» **Brief**:
Keep every character as it is and output all of the records.

----------------------------------------

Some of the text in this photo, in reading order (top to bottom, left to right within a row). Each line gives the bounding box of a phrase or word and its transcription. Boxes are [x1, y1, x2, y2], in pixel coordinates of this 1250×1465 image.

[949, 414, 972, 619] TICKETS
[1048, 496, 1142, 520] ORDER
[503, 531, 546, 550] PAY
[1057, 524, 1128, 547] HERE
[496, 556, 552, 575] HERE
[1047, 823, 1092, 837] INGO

----------------------------------------

» **Written answer**:
Some of the text in this photo, in reading order (top to bottom, left to right within a row). Each line gives the bounding box of a phrase or word and its transcription. Boxes are [x1, y1, x2, y2], in pixel coordinates of this 1250×1465 image.

[949, 414, 972, 619] TICKETS
[1048, 496, 1142, 520] ORDER
[503, 531, 546, 550] PAY
[1057, 524, 1128, 547] HERE
[496, 556, 552, 575] HERE
[1047, 823, 1092, 837] INGO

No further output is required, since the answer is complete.